Kommunalwahl
Linke geht erstmals in Herzogenaurach ins Rennen
Die Kandidaten der Linken.
Die Kandidaten der Linken. // Die Linke
Herzogenaurach

Zum ersten Mal kandidiert die Linke in Herzogenaurach für den Stadtrat. Gleichzeitig stellt sie auch eine Kandidatin für das Amt der Ersten Bürgermeisterin auf, wie es in einer Pressemitteilung heißt. Bei mehreren Infoständen gehe die Linke unter dem Motto „Alle reden – wir hören zu“ mit den Herzogenaurachern über ihre Schwerpunkte ins Gespräch.

Auch in Höchstadt wolle die Linke für den Stadtrat eine Wahlliste aufstellen, wofür allerdings im Gegensatz zu Herzogenaurach noch einige wenige Unterstützungskandidaturen fehlen. Interessierte können sich unter info@die-linke-erlangen.de melden.

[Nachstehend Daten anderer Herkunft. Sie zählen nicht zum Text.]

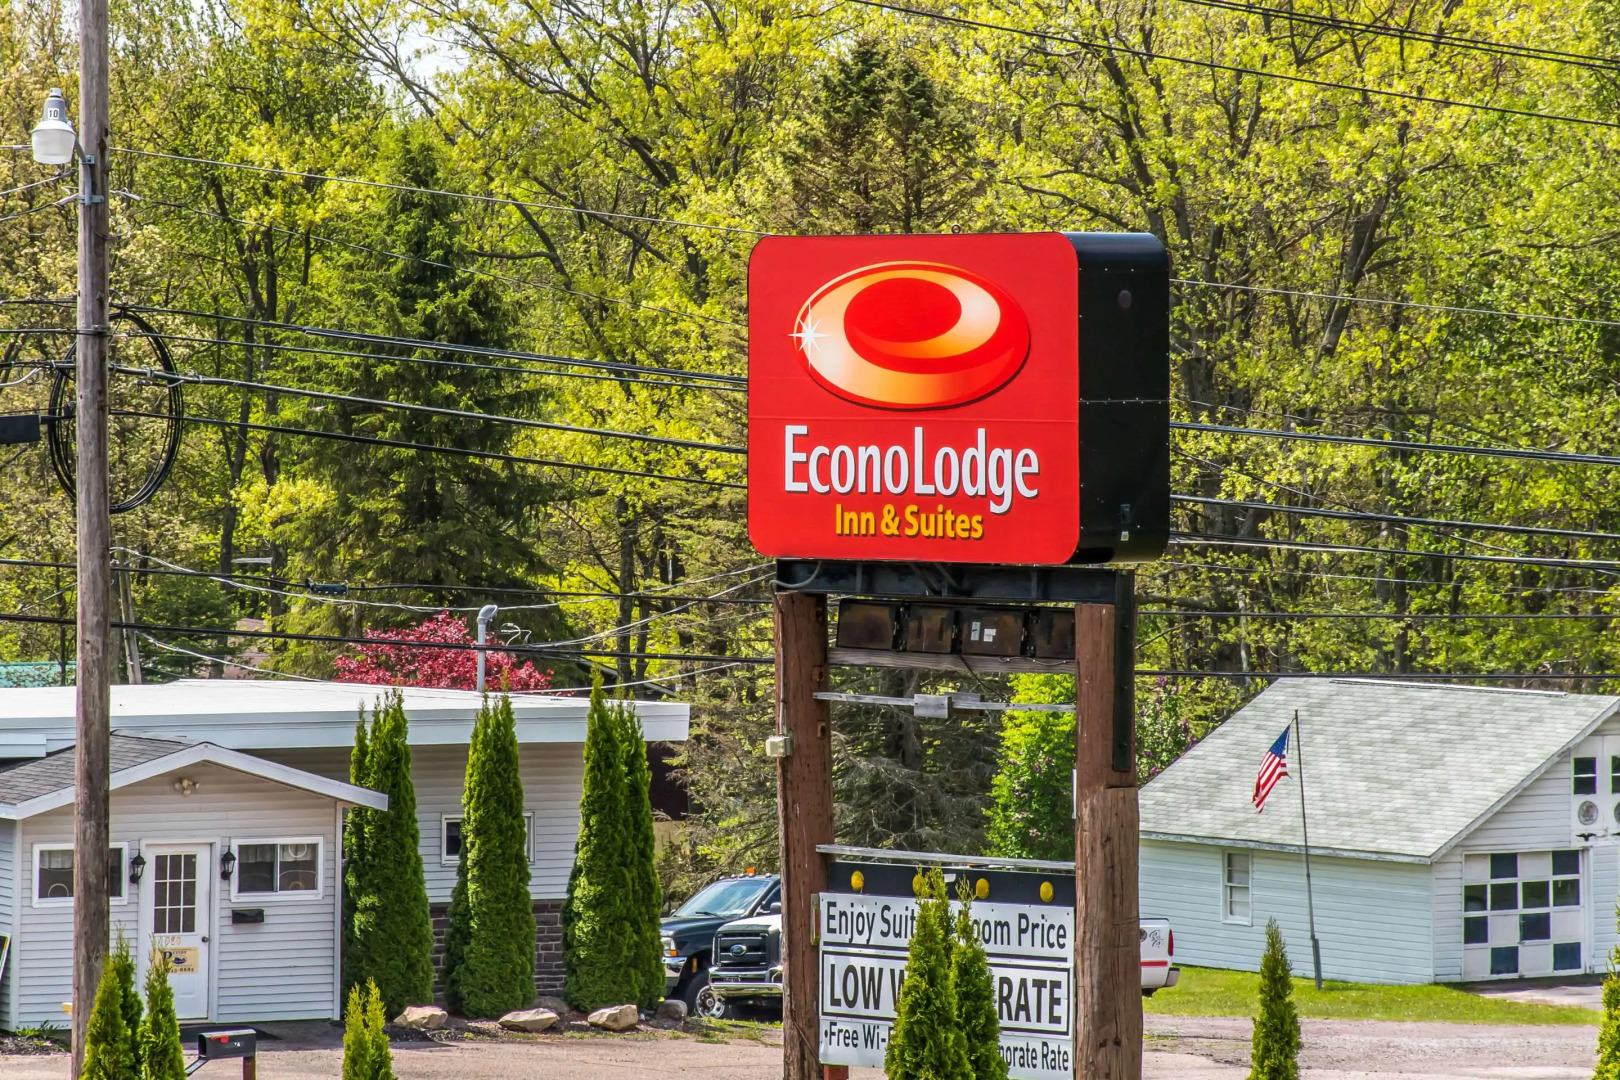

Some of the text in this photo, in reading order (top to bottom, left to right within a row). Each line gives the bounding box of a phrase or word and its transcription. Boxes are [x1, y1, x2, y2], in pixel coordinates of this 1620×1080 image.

Joy Wüstner (Auszubildende für Ergotherapie), Bürgermeisterkandidatin und Listenplatz 1 lässt sich im Pressetext wie folgt zitieren: „Die steigenden Wohnkosten sowie Nebenkosten sind immer wieder die Themen, die uns im Gespräch genannt werden. Die Stadt muss hier endlich aktiv werden. Sozialwohnungsquote, Verbot von Leerstand und Zweckentfremdung sind nur einige Instrumente, die viele Städte anwenden. Herzogenaurach aber nicht.“ Als gewählte Stadträte würde man nach dem Vorbild der Kollegen in Erlangen Sozialsprechstunden anbieten und einen Teil der Aufwandsentschädigung in einen Sozialfonds für Menschen in Notlagen einzahlen.

Alaa Basyouni (Busfahrer) steht auf Listenplatz 2, Lina Pfeiffer (Fachinformatikerin) auf Listenplatz 3.